* _Exercise description_
Reproduce every entry below precisely; do not include the pictures.
#### The input ####
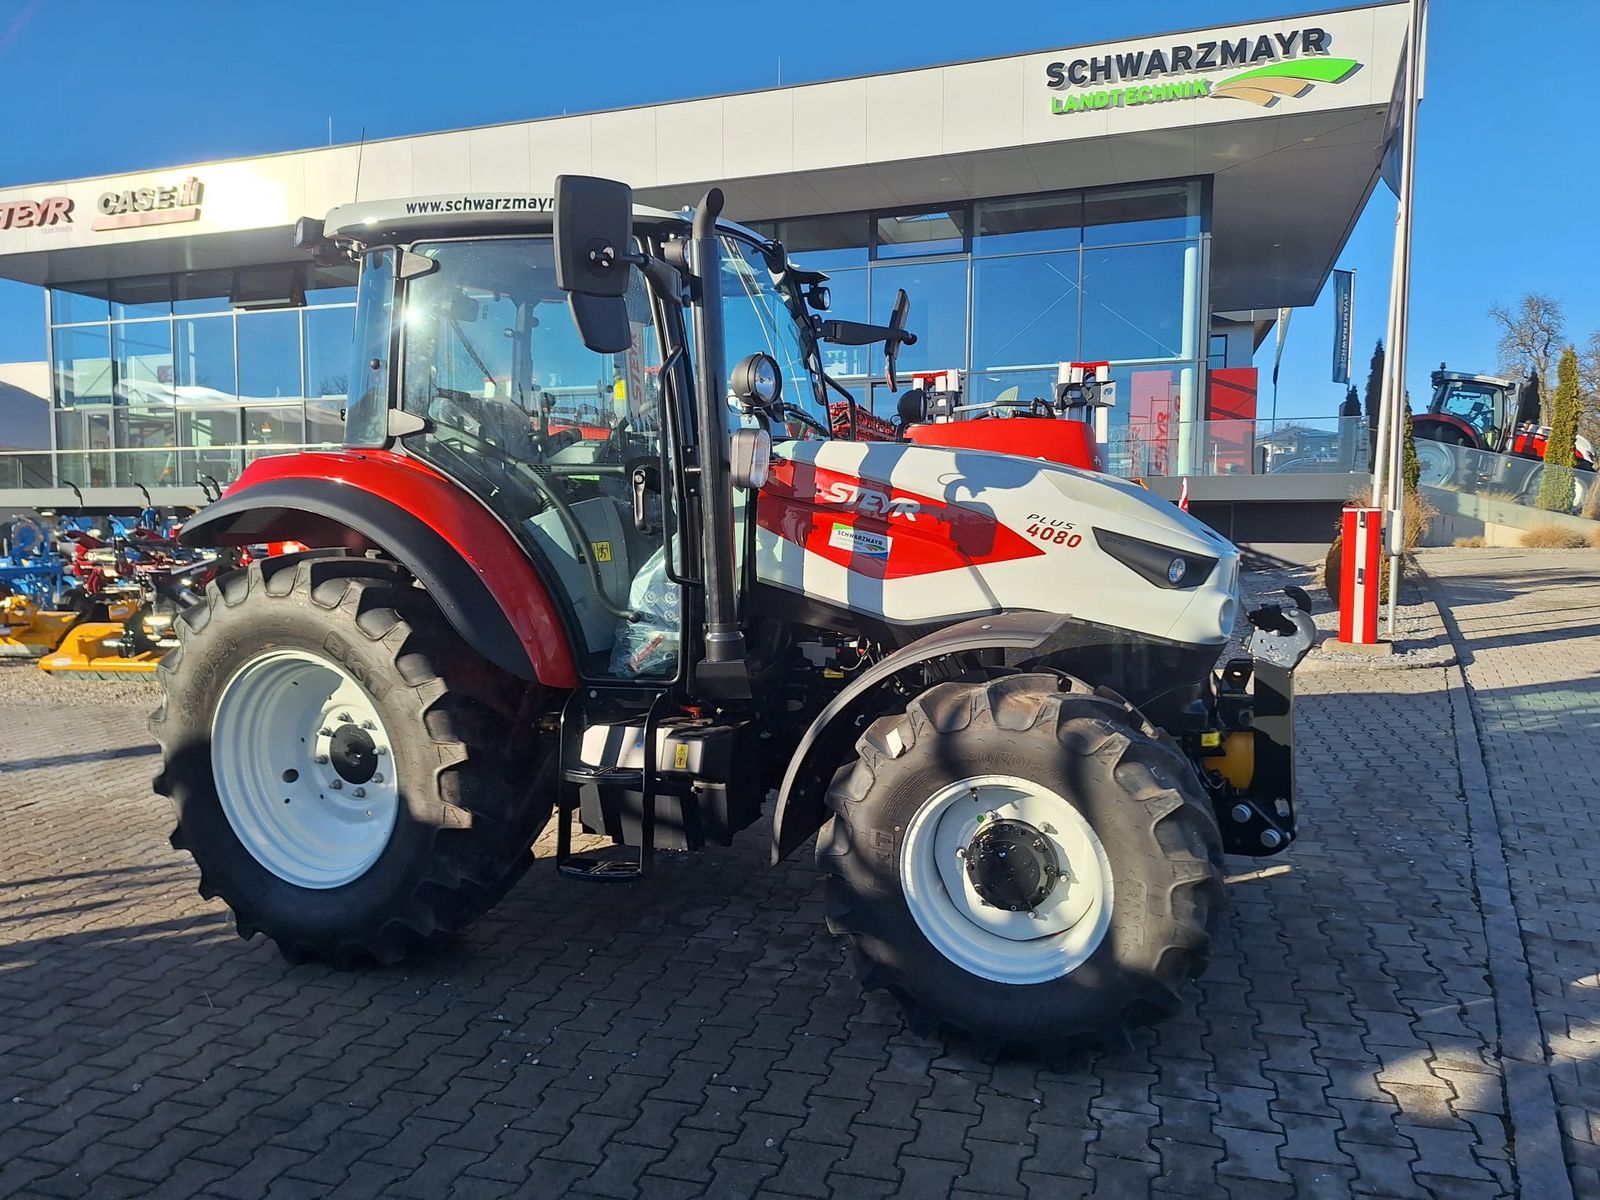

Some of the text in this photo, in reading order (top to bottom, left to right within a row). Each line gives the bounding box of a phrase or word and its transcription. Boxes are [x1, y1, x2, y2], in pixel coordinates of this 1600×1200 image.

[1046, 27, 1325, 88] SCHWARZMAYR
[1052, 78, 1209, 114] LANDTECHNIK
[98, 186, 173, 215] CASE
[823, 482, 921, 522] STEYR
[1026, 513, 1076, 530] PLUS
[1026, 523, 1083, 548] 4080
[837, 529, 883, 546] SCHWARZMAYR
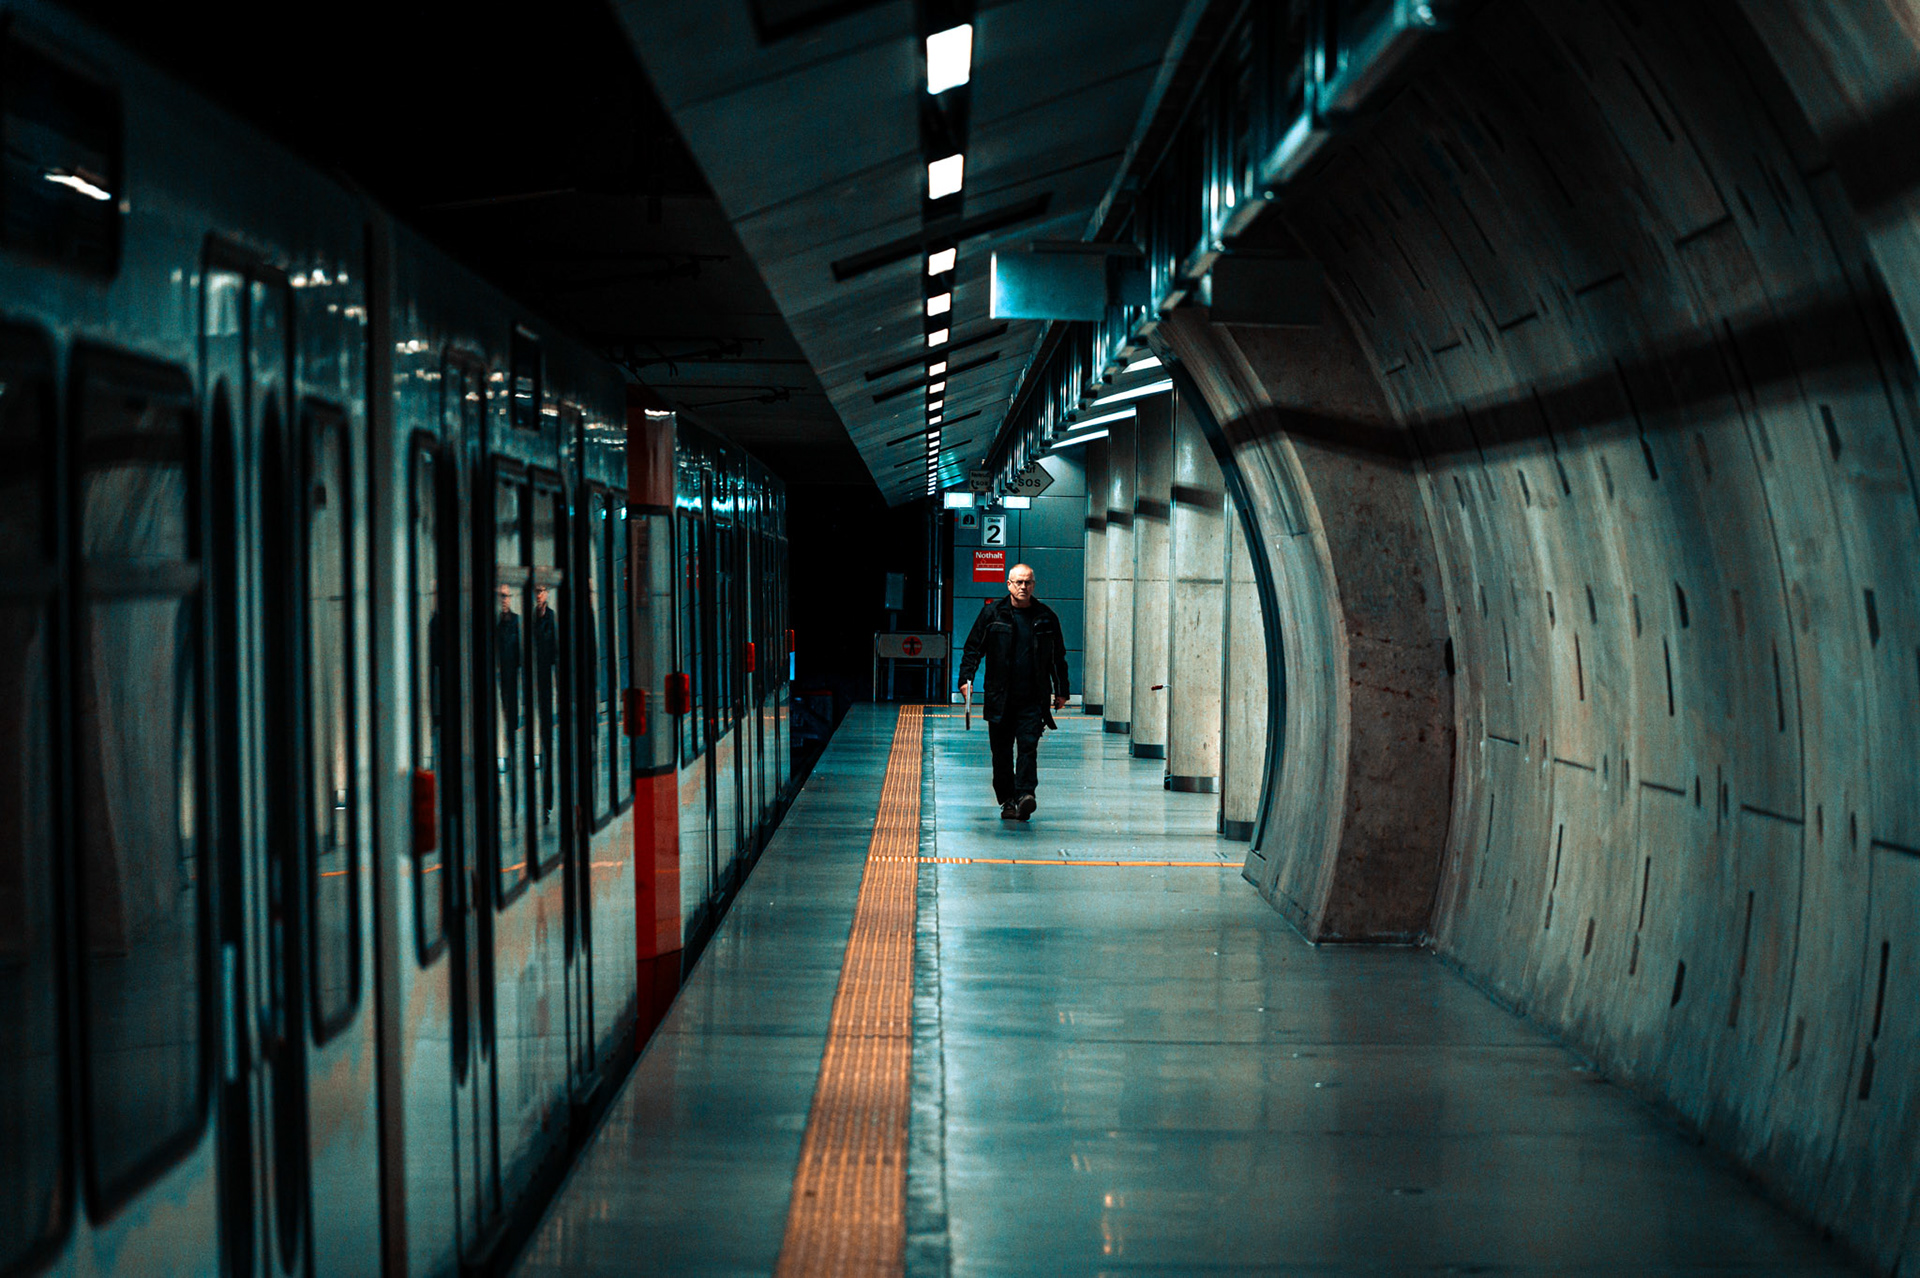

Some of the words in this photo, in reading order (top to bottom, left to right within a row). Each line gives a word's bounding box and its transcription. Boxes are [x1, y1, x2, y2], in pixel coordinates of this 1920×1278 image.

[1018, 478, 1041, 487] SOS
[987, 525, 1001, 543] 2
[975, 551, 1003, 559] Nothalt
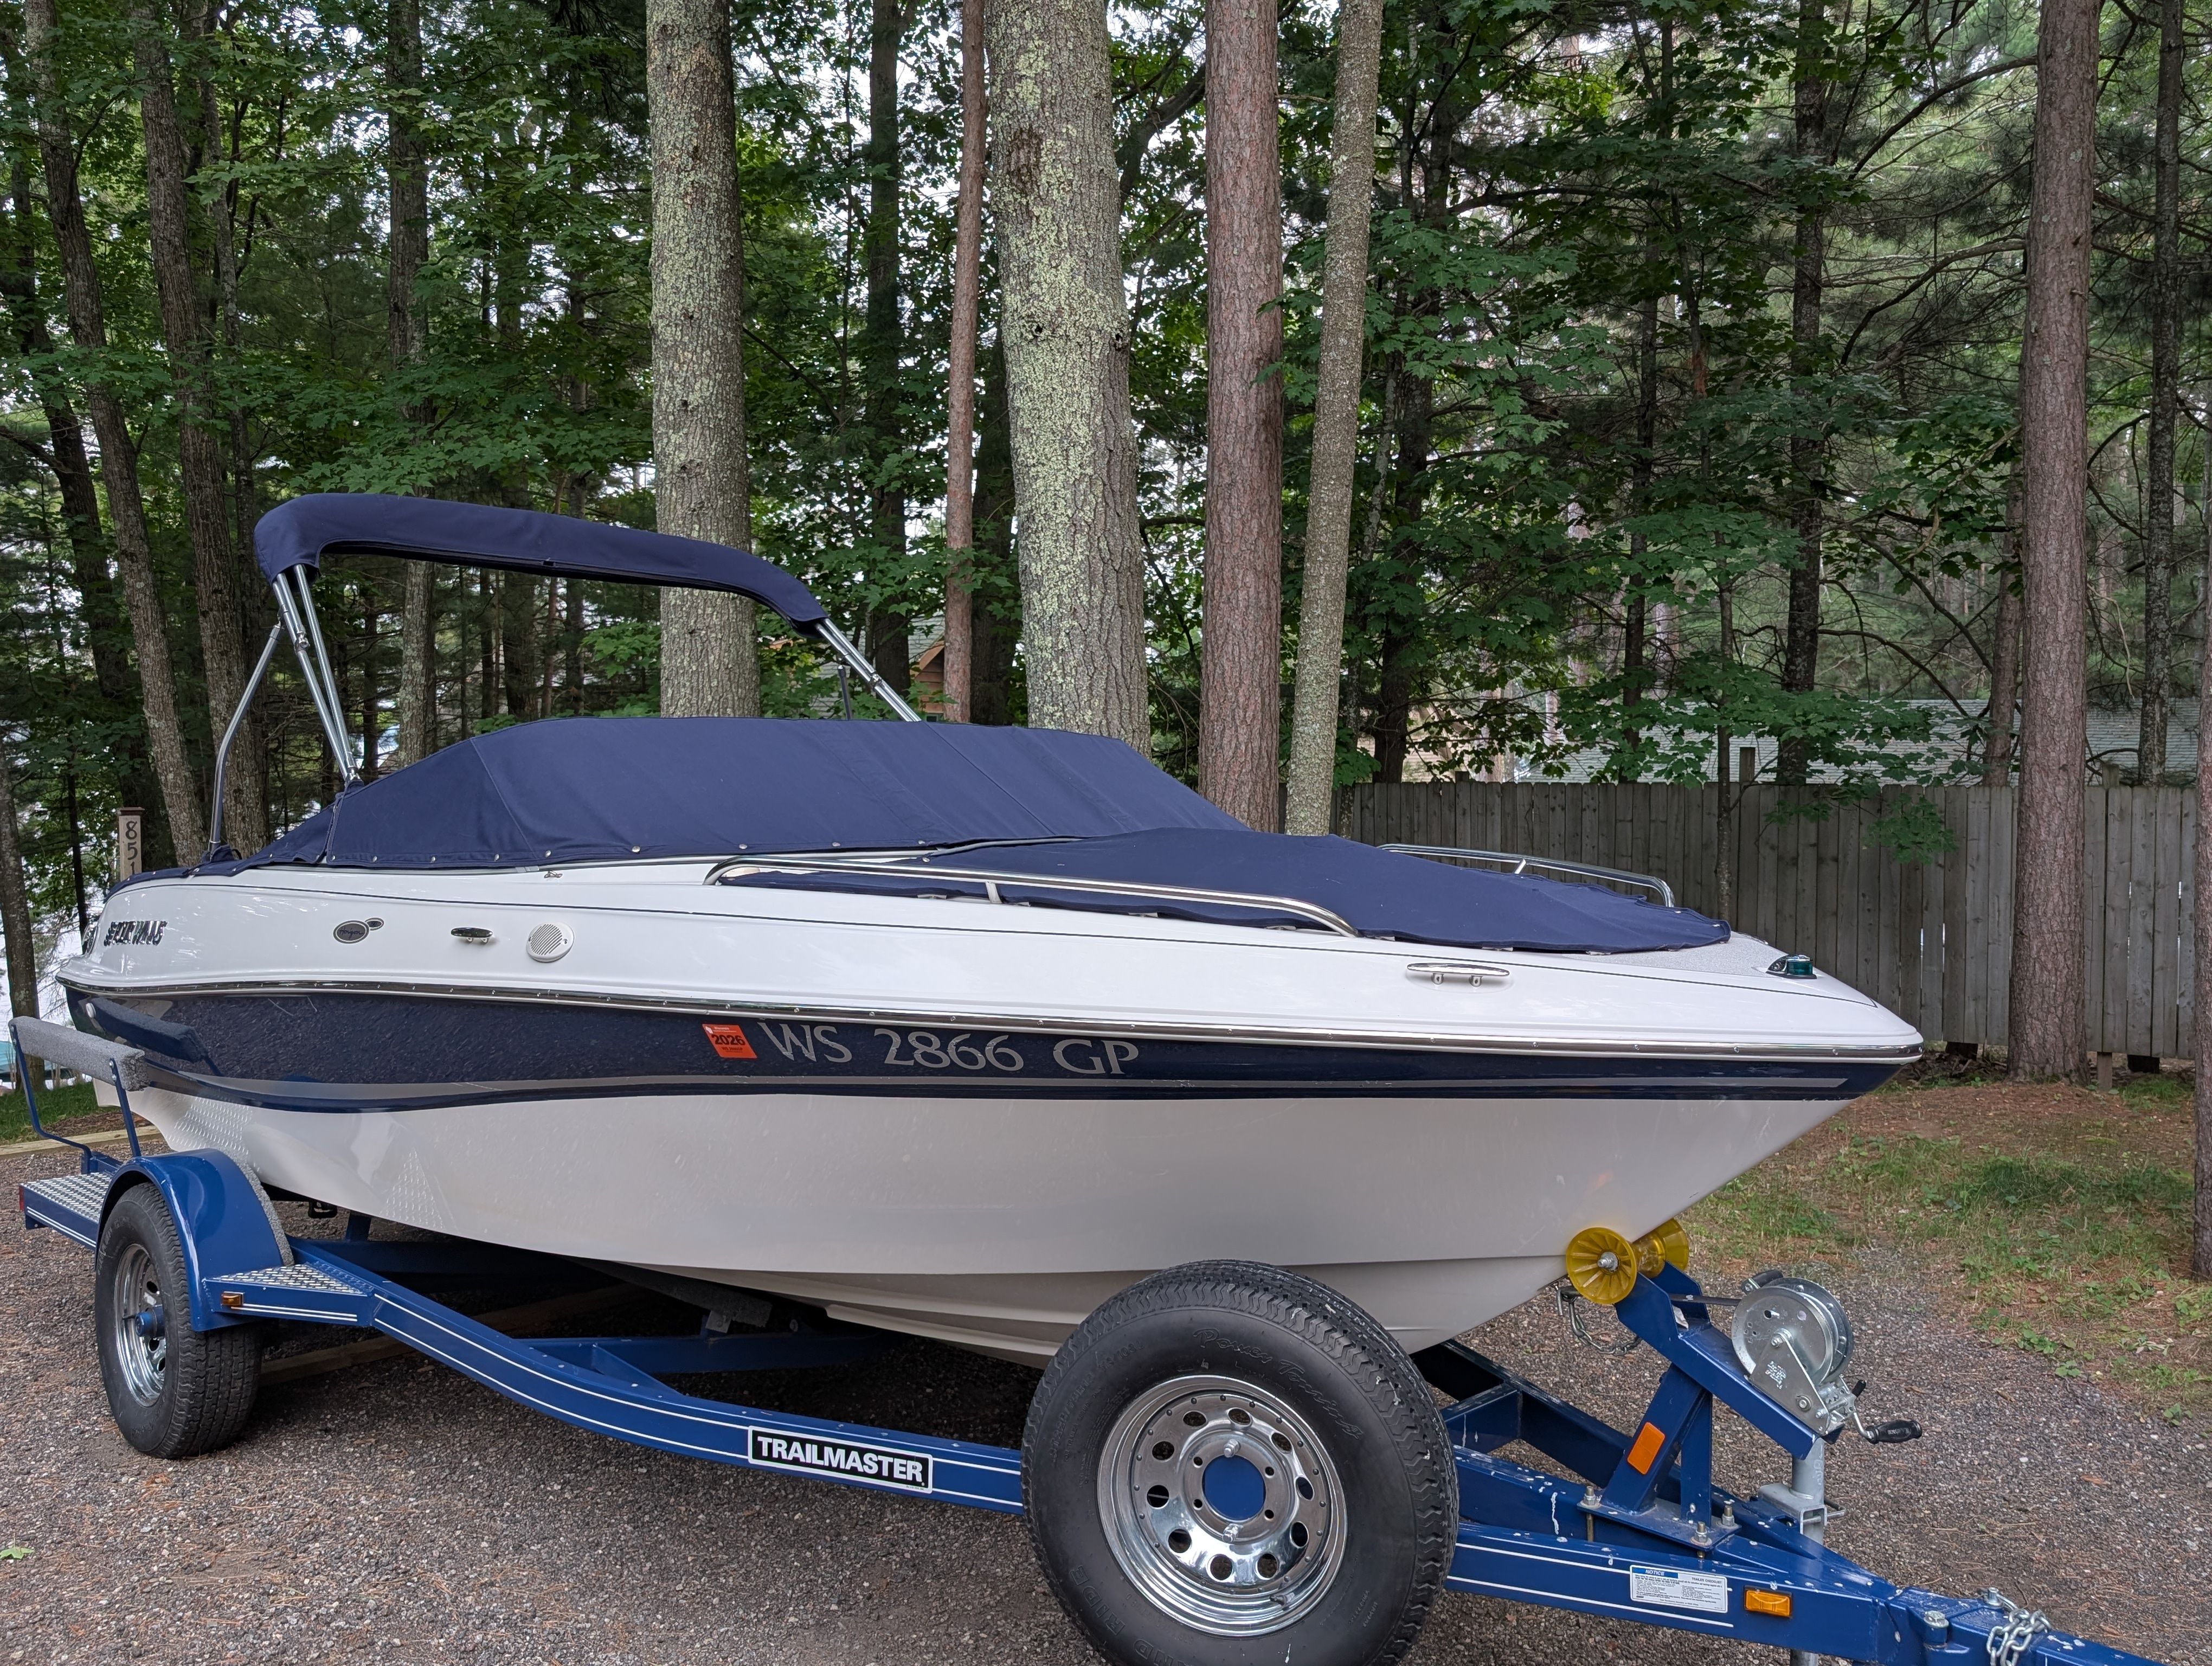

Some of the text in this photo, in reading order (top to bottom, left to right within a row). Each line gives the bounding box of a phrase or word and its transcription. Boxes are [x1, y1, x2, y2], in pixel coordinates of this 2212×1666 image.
####
* _Reply_
Some of the text in this photo, in reading order (top to bottom, left to right within a row). Each line gives the bounding box of a phrase or word and its transcription. Boxes are [x1, y1, x2, y2], in pixel coordinates of this 1600×1200 image.

[1046, 27, 1325, 88] SCHWARZMAYR
[1052, 78, 1209, 114] LANDTECHNIK
[98, 186, 173, 215] CASE
[823, 482, 921, 522] STEYR
[1026, 513, 1076, 530] PLUS
[1026, 523, 1083, 548] 4080
[837, 529, 883, 546] SCHWARZMAYR

Some of the words in this photo, in reading order (top to bottom, left to right within a row). Each line gives a word's bounding box and its transcription. Boxes are [x1, y1, x2, y2], in pixel coordinates of this 1920×1278 image.

[1018, 478, 1041, 487] SOS
[987, 525, 1001, 543] 2
[975, 551, 1003, 559] Nothalt

Some of the text in this photo, in reading order (top to bottom, left to right within a row). Each line gives the bounding box of a phrase or word and its transcription. Boxes are [x1, y1, x2, y2], in pixel coordinates of this 2212×1666 image.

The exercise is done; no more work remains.